In the meantime, ethics continues to play an important role to protect the rights of subjects whose data are being collected, processed, shared and used. Some basic principles provide a stopgap measure until the law catches up with broader conceptions of health data. Indeed, years ago the collection and storage of personal health data were very limited, compared to today's omnipresent data gathering by institutional and commercial entities, social media and smartphone apps. The concept of health data as a distinct category is also being challenged, as various research projects have used “social media data” to derive and predict health-relevant issues such as risk of depression (Reece & Danforth, ). This raises the question of whether all personal data should be regarded as health data (Schneble et al, ). In any case, the broadening notion of health data makes it all the more important that researchers respect ethical principles and that appropriate oversight mechanisms for data science are in place.

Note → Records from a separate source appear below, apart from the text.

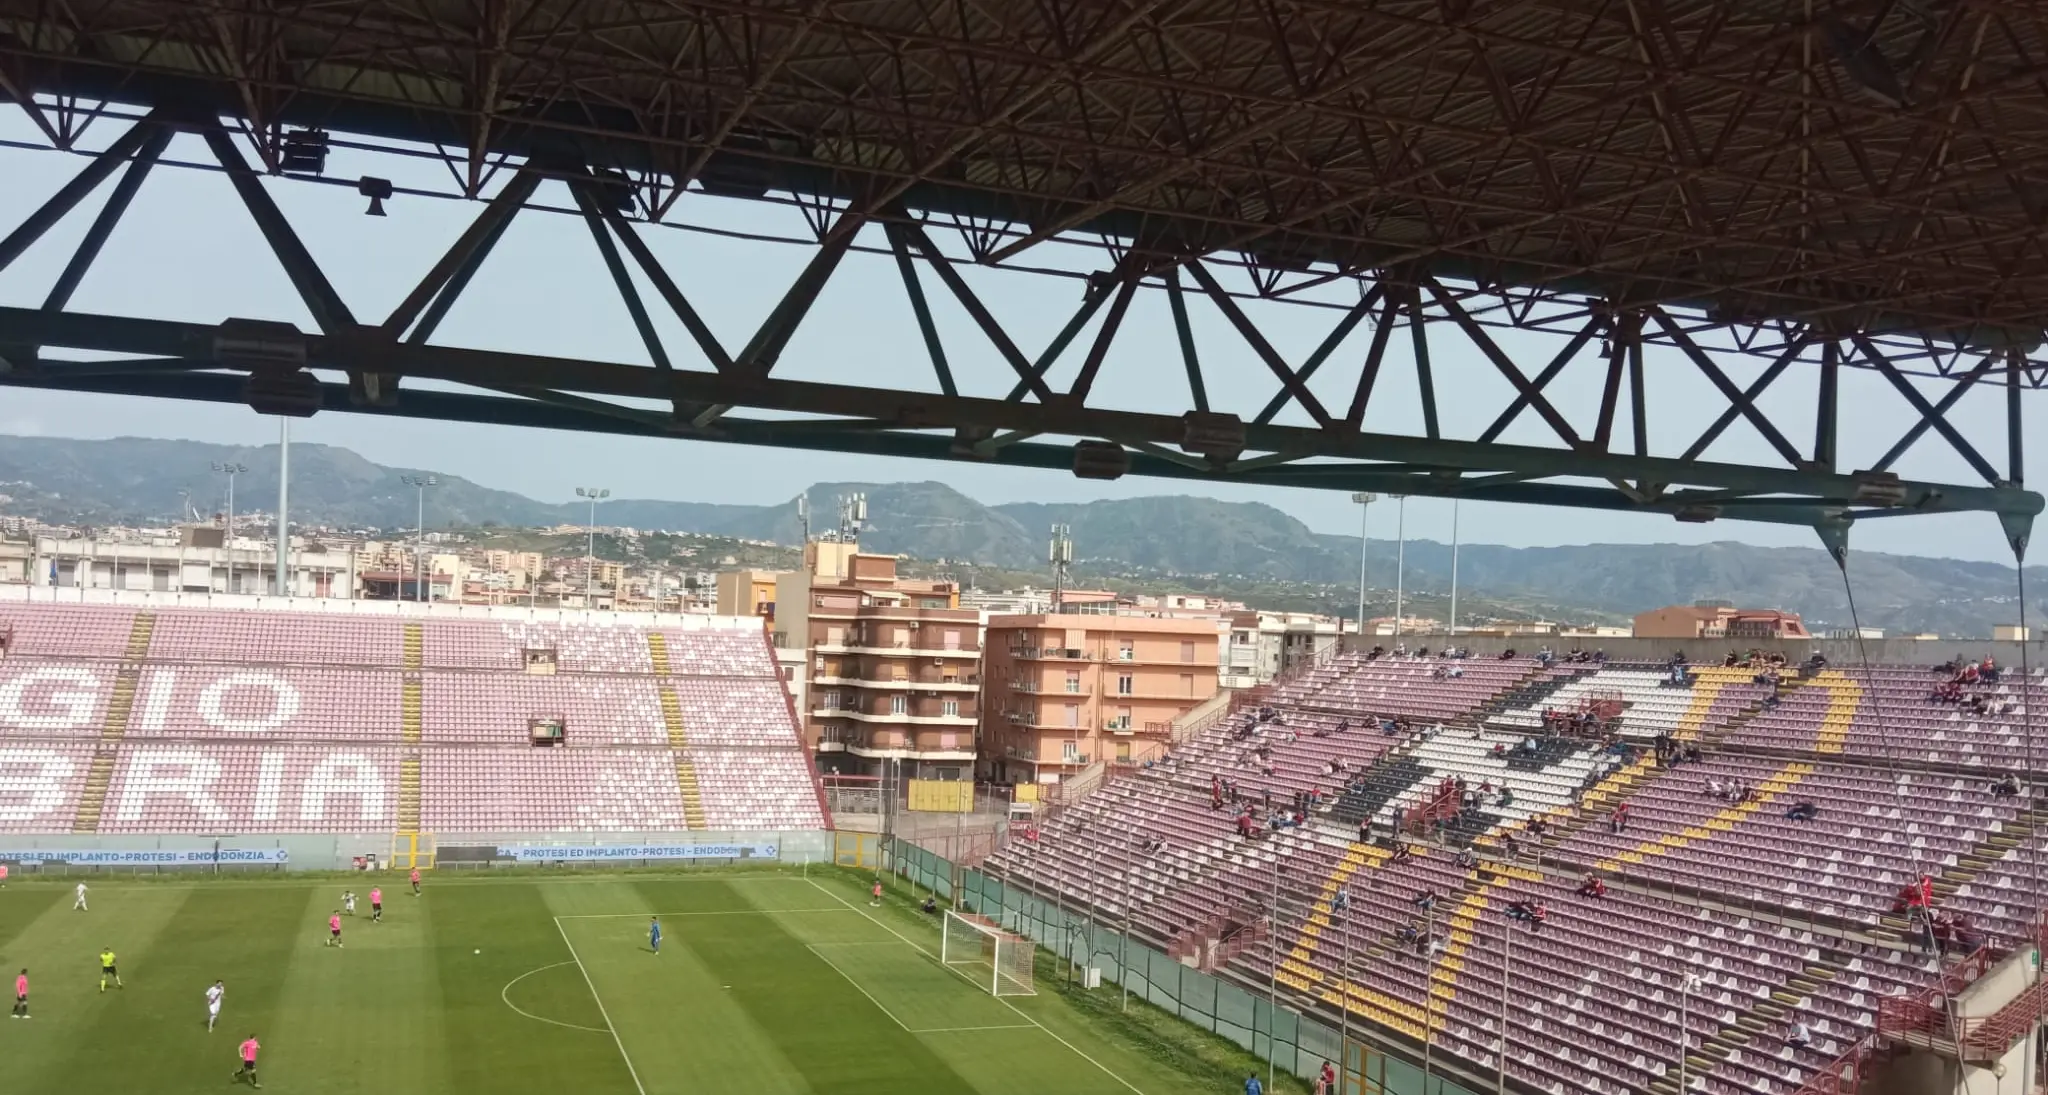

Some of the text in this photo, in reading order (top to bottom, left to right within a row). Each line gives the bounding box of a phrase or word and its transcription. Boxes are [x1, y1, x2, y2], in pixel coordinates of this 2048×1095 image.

[0, 666, 300, 732] GIO
[37, 852, 54, 861] ED
[56, 851, 177, 862] IMPLANTO-PROTESI
[523, 848, 568, 858] PROTESI
[570, 848, 584, 857] ED
[585, 846, 685, 858] IMPLANTO-PROTESI
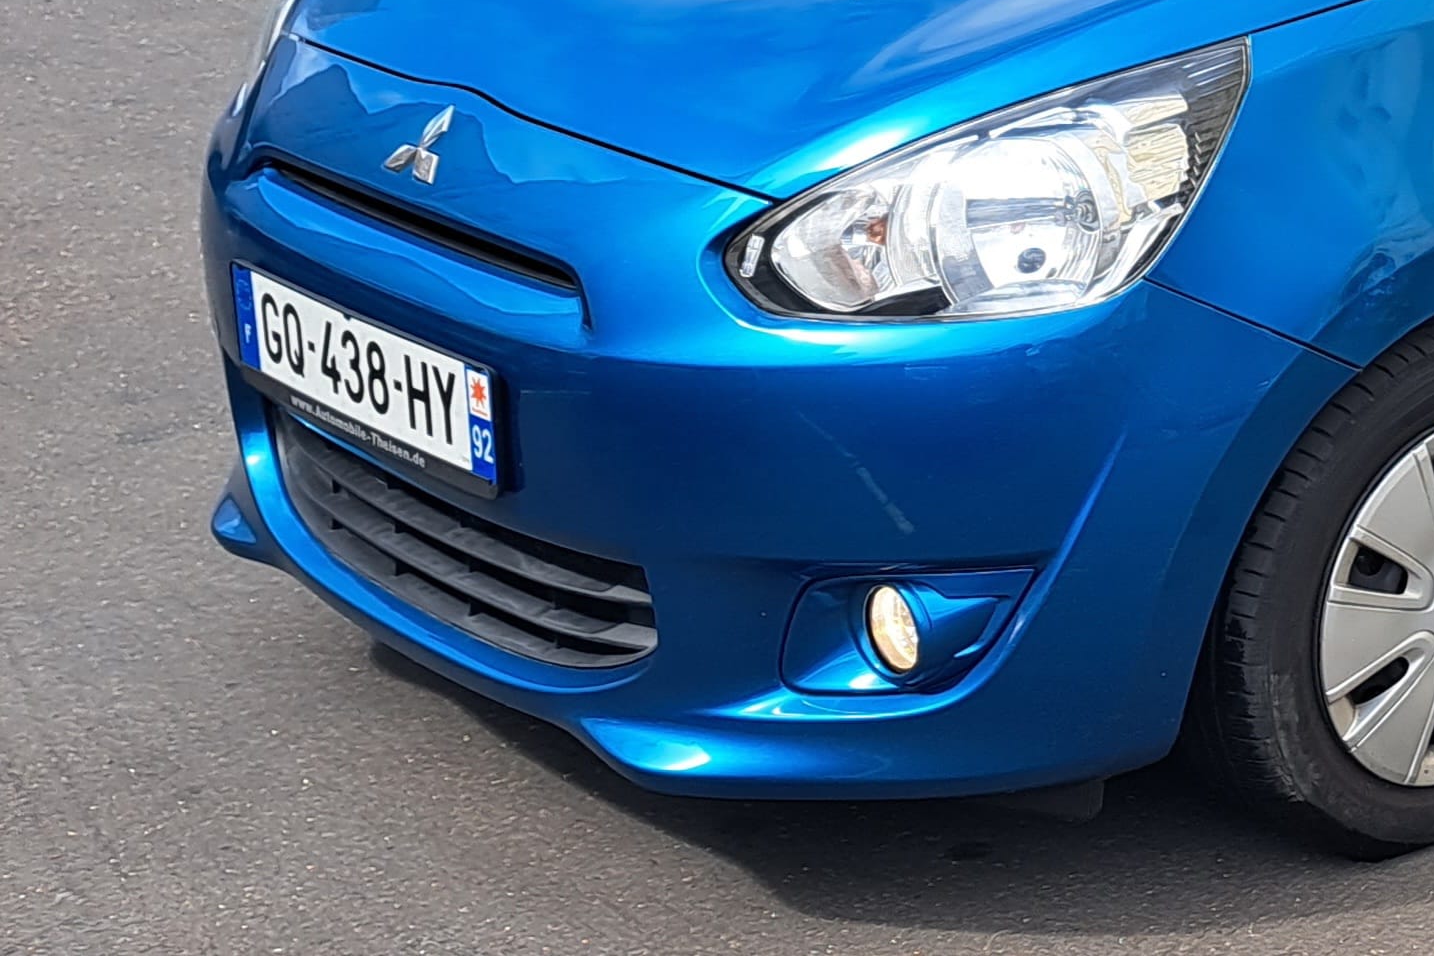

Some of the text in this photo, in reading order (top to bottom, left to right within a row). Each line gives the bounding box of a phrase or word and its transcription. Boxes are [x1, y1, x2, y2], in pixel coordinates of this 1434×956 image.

[245, 323, 251, 343] F
[261, 292, 455, 445] GQ-438-HY
[290, 395, 426, 468] www.Automobile-Theisen.de
[472, 424, 495, 464] 92

Scientists need to keep several points in mind when using personal health data for research. Below is some minimal guidance that can be used to evaluate such research projects and to stay clear of potential legal challenges.

It must be clear for patients and participants for which purposes their data are being used and where and by whom they are used and processed. Thus, health data derived in the clinic need to remain in the context of treatment unless the patient has agreed to share it for further research.

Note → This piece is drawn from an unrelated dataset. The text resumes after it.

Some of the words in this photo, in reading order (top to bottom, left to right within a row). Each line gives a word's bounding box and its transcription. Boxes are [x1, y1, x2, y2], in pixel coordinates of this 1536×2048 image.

The storing and processing of health data are always subject to prior explicit consent by the data subject (patient). Explicit consent means that patients need to be informed for which purposes their data are being used, where it is being stored and how their data will be used in the future before the project starts. Patients also have the right to decide whether data are shared in anonymized or identifiable form. Last but not least, patients should be able to have their data corrected or to withdraw from a study.

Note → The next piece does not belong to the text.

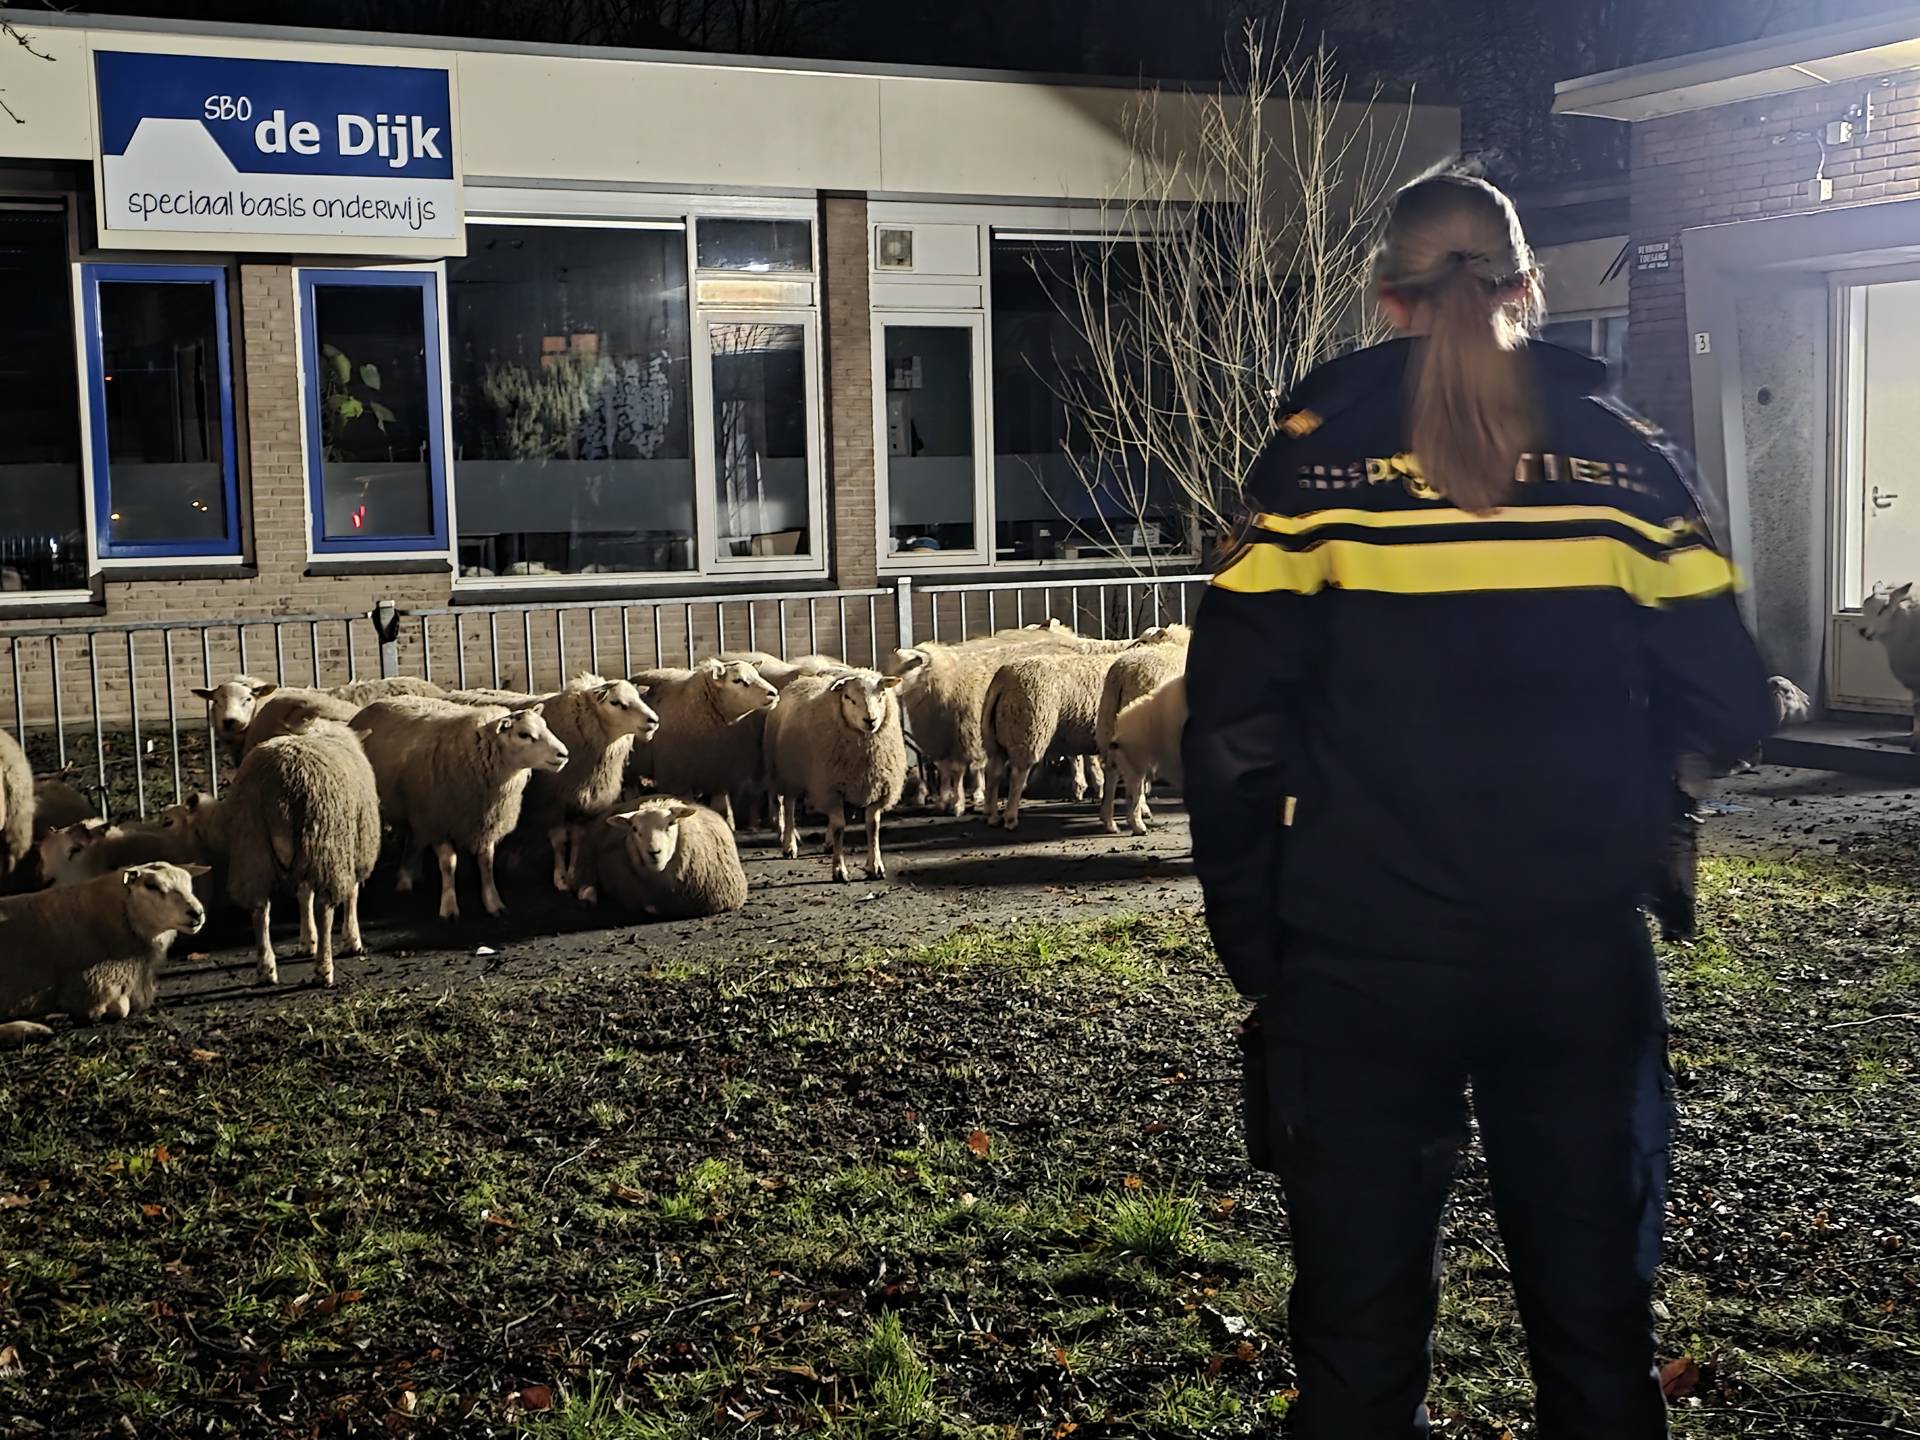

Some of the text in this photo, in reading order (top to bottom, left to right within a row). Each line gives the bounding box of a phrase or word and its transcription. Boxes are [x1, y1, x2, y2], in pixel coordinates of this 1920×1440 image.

[204, 95, 252, 121] SBO
[254, 110, 443, 168] de Dijk
[128, 190, 436, 230] speciaal basis onderwijs
[1699, 335, 1706, 350] 3

Traditional anonymization techniques are increasingly being challenged by novel technologies such as machine learning, so scientists need to pay more attention to this topic. Simply cutting out birth date, zip code and sex have been proven to be ineffective. Using more up-to-date and complex methods such as k-Anonymity is a better solution, albeit still not an absolutely certain method for ensuring anonymity.

Researchers should ask themselves broader ethical questions about their research. These questions are not new and have been the focus of ethically sound research for decades: Have patients agreed to their data being shared? Does the patient benefit from his or her data being shared? A negative answer does not prevent data sharing and processing per se, but direct patient benefits make it easier to justify the research. Who else would benefit from data sharing and do these benefits justify the risks? Is it necessary to share identifiable data or can research be carried out with pseudonymized/anonymized data? Has enough effort been put into maintaining privacy, including a strict anonymization regime? Is trust/confidentiality between health institution and the patients maintained?

The Association of Internet Research has recently published new ethical guidelines that offer further challenging questions to consider (Franzke et al, ).

While researchers should do more to consider ethical issues themselves, Project Nightingale accentuates the urgent need for institutional review boards and research ethics committees (IRBs and RECs) to evaluate data-driven research. While discussion continues and the ethical principles that should govern best practices in data science and AI research are being developed, such research should not be exempted from IRB evaluation. In the past, such bodies have always been challenged by novel technologies, but have proven their effectiveness at achieving a balance between the interests of science and those who participate directly in research or whose data and samples are used for research. Furthermore, depending on the jurisdiction and the topic, health research has to undergo mandatory IRB evaluation in both academic and commercial settings. However, in many cases data science lies outside the scope of it. Universities have therefore set up IRB structures to evaluate this type of research, and many journals also request to see the approval by an IRB or REC.

In cases where research at the corporate level is not subject to IRB review—either because the jurisdiction does not require it or because such bodies do not exist—it might lead to a fundamental inequality between public and private research entities. It therefore remains dubious that many large “data companies” have not introduced such review bodies in their organization. Implementing ethical review is important to ensure transparency and a long-term trusted partnership between companies and the “customers” that we all are.